Delivan di Chery punta all’ecosistema completo per la logistica urbana

Delivan debutta a Birmingham come piattaforma integrata: non solo furgoni ma servizi, ricarica e telematica per ottimizzare le flotte

La presentazione al Commercial Vehicle Show di Birmingham non è stata il lancio di un semplice modello, ma l’esposizione di una nuova filosofia progettuale. Il marchio Delivan, nato sotto l’ala di Chery Commercial Vehicle, propone un approccio che trasforma il veicolo in un componente di un sistema più ampio: dalla ricarica ai servizi digitali, fino alla gestione del ciclo di vita. Questa visione vuole superare il concetto tradizionale di prodotto singolo per offrire una soluzione completa alle esigenze della logistica moderna.

Al centro del progetto c’è l’intento di rispondere alle sfide dell’ultimo miglio e delle flotte urbane, con particolare attenzione all’affidabilità e alla continuità operativa. L’offerta prevede non solo veicoli elettrici ma anche un insieme di servizi connessi: infrastrutture di ricarica, sistemi di telematica, piattaforme per il monitoraggio e assistenza durante tutto il periodo di utilizzo. In questo modo il cliente non acquista solo un mezzo, ma accede a un ecosistema pensato per massimizzare produttività e ridurre costi operativi.

Una nuova generazione per la logistica urbana

La gamma Delivan è pensata per scenari urbani ad alta densità e per operatori di e-commerce e logistica che richiedono turni intensivi e tempi di attività elevati. L’idea è offrire soluzioni modulari che si adattino a diversi compiti: consegne frequenti, movimentazione in aree pedonali e operazioni in spazi ridotti. L’obiettivo è semplice ma ambizioso: incrementare l’efficienza delle rotte e minimizzare i periodi di inattività attraverso elettrificazione, modularità e integrazione digitale.

I tre concept presentati

A Birmingham sono stati mostrati tre prototipi che delineano la direzione futura del brand: un veicolo dedicato alle consegne urbane ad alta frequenza, una soluzione micro-cargo per operazioni compatte in centro città e un robot-cargo autonomo pensato per ambienti controllati come hub logistici e campus. Ciascuna proposta mette in luce un aspetto differente dell’ecosistema: dal design ottimizzato per i payload alle interfacce per l’integrazione con piattaforme di gestione, fino alle possibilità offerte dall’autonomia in contesti delimitati.
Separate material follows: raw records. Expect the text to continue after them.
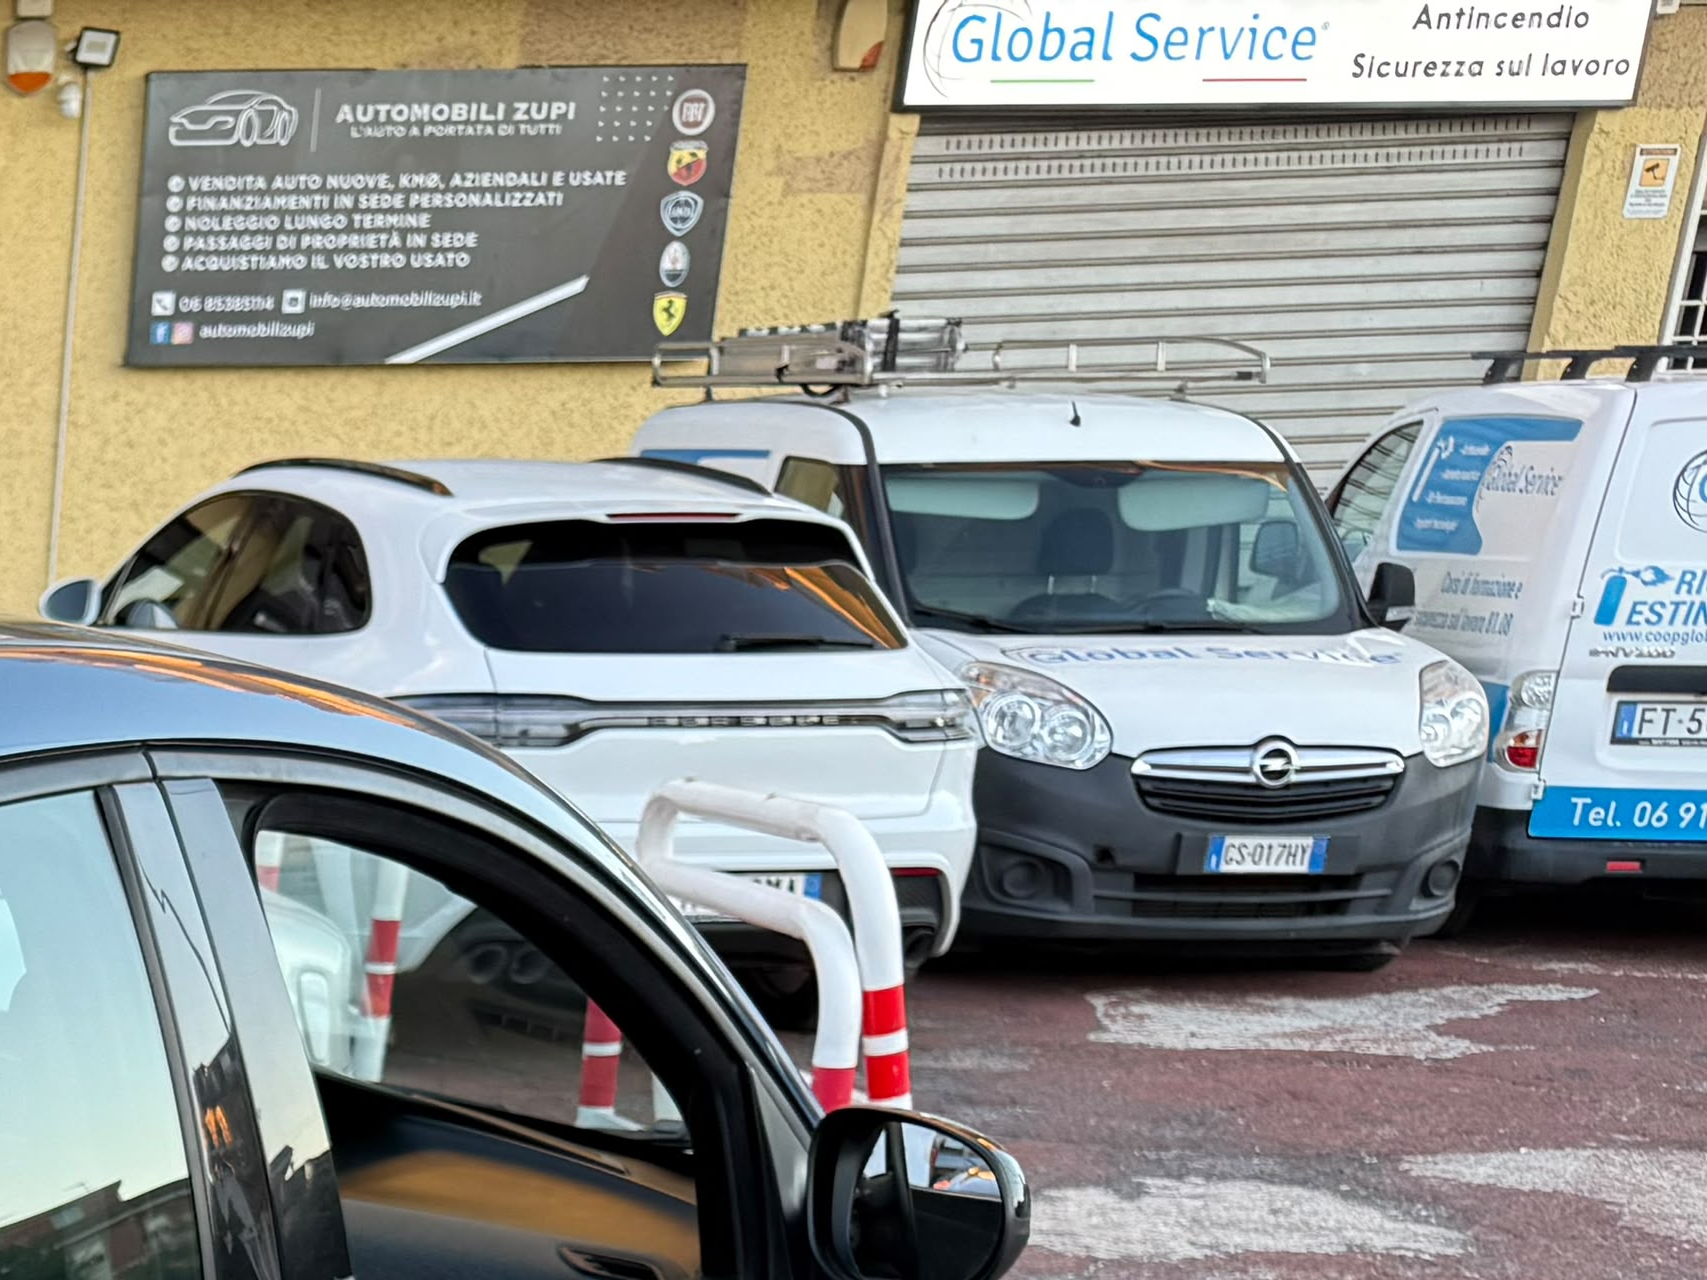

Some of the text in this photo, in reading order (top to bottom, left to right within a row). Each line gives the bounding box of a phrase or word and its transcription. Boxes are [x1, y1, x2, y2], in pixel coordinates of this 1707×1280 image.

[1412, 3, 1590, 30] Antincendio
[952, 11, 1115, 63] Global
[1352, 53, 1631, 79] Sicurezza sul lavoro
[335, 101, 577, 124] AUTOMOBILI ZUPI
[518, 123, 563, 136] TUTTI
[188, 175, 267, 191] VENDITA
[271, 174, 322, 190] AUTO
[450, 172, 549, 188] AZIENDALI
[553, 171, 566, 186] E
[570, 170, 627, 187] USATE
[186, 191, 563, 211] FINANZIAMENTI IN SEDE PERSONALIZZATI
[185, 213, 431, 232] NOLEGGIO LUNGO TERMINE
[184, 231, 479, 252] PASSAGGI DI PROPRIETÀ IN SEDE
[182, 251, 471, 271] ACQUISTIAMO IL VOSTRO USATO
[1675, 570, 1707, 595] RI
[1571, 797, 1622, 827] Tel.
[1633, 800, 1669, 828] 06
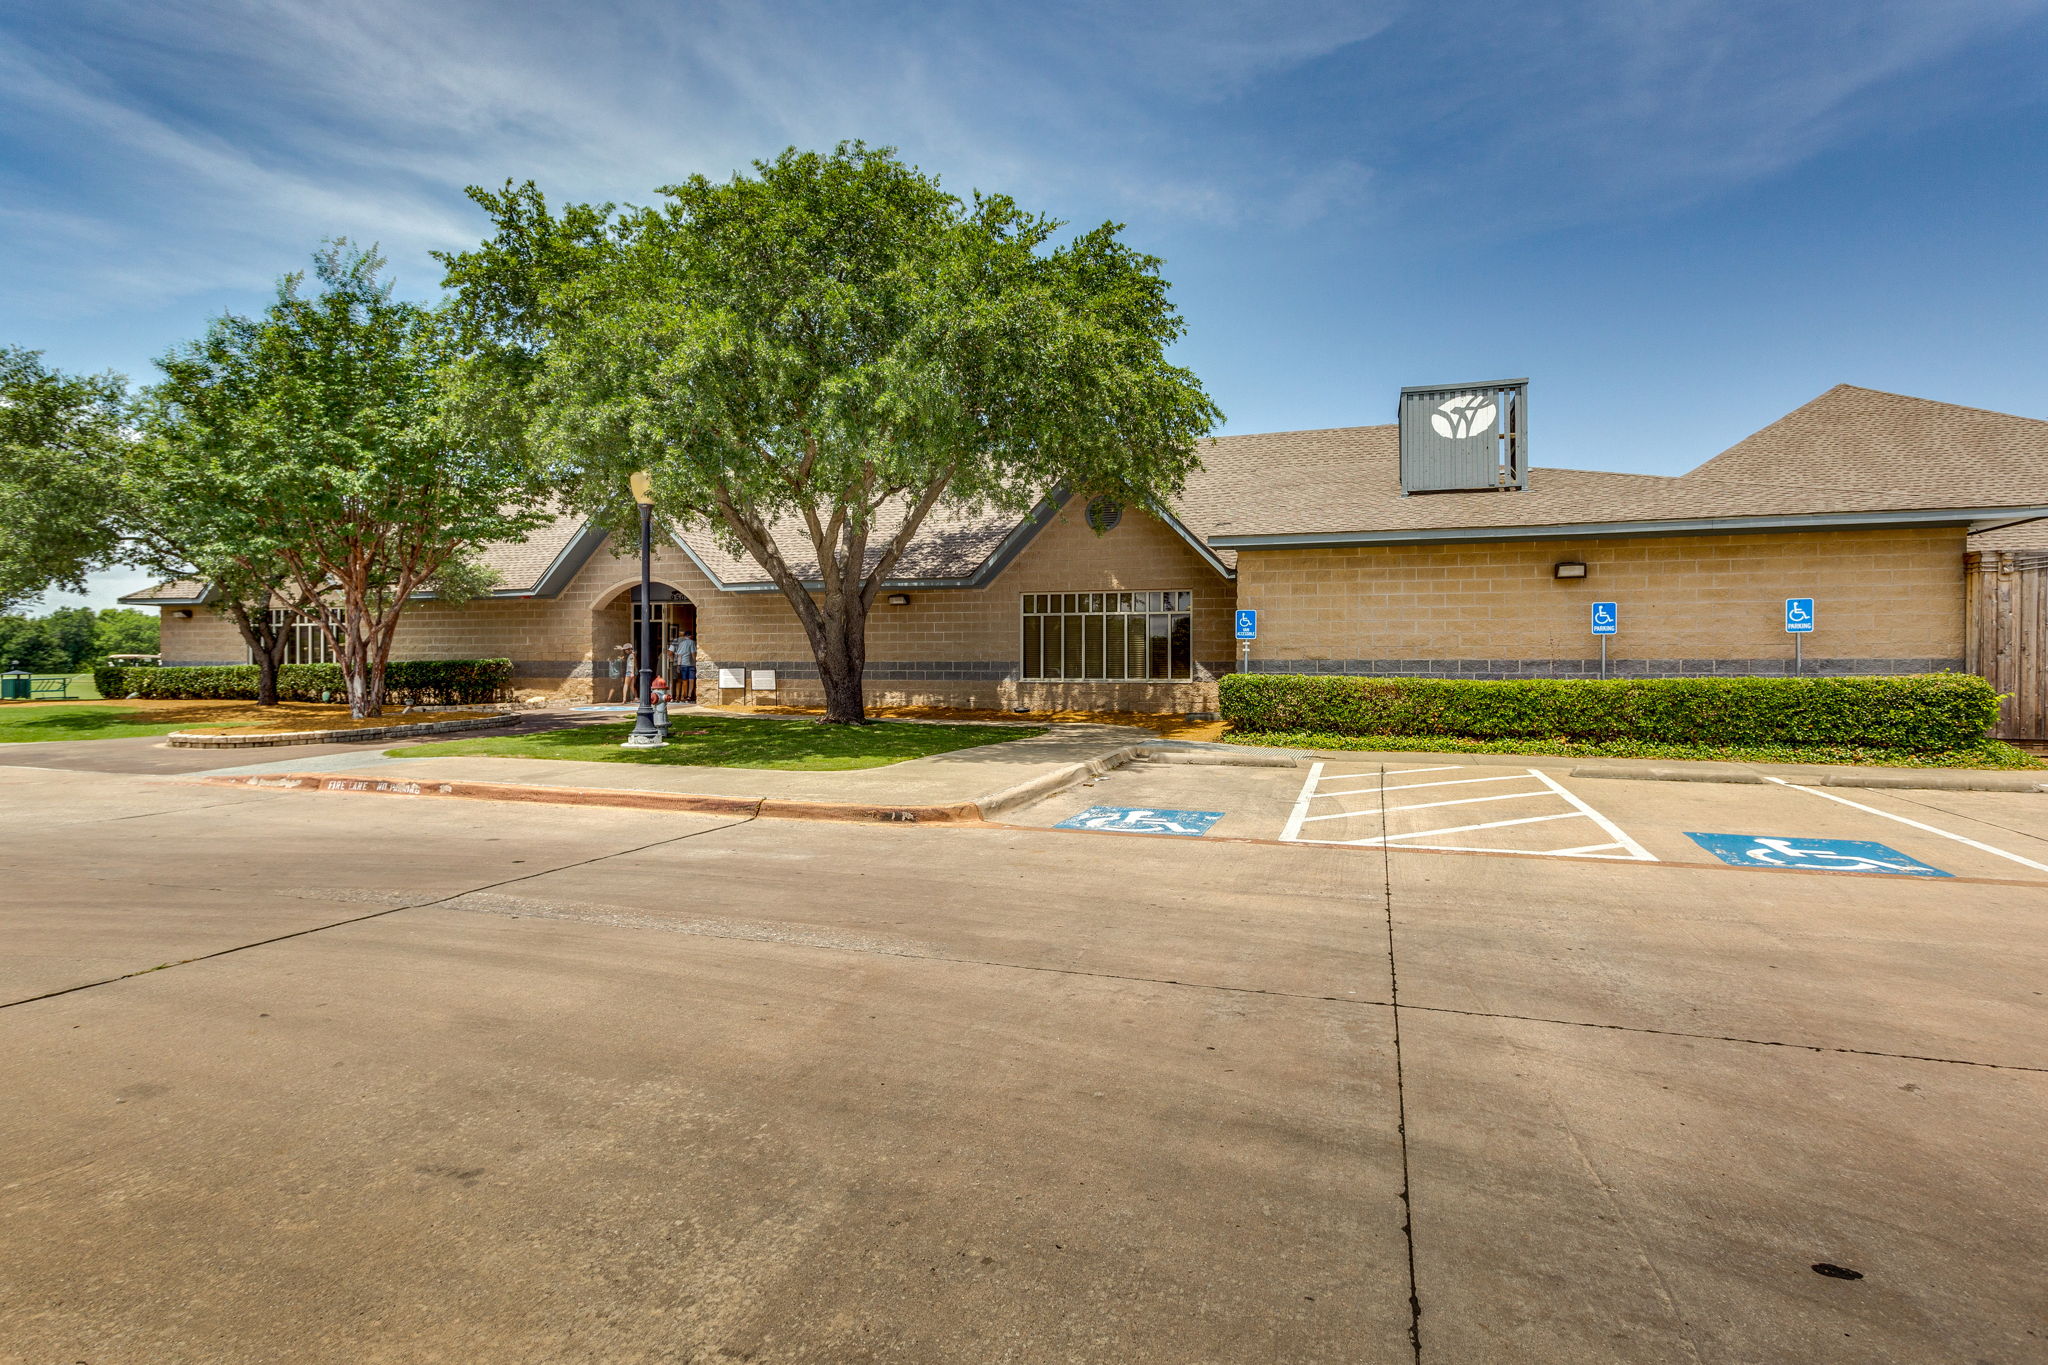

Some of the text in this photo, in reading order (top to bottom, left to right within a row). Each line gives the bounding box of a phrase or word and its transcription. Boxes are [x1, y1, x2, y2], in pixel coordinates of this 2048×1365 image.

[327, 780, 346, 790] FIRE
[348, 781, 368, 791] LANE
[376, 782, 388, 791] NO
FSCV: l’architettura del sistema

La strategia denominata FSCV (Future Super Commercial Vehicle) struttura l’offerta su più livelli invece di presentare modelli isolati. La piattaforma è pensata per scalare in base alle necessità operative: dalla fornitura di mezzi robusti e servizi essenziali fino all’integrazione avanzata di dati e intelligenza per l’ottimizzazione dei costi. Con questo approccio il veicolo perde il ruolo di elemento fine a sé stesso e diventa parte di un insieme orchestrato attorno all’operatore.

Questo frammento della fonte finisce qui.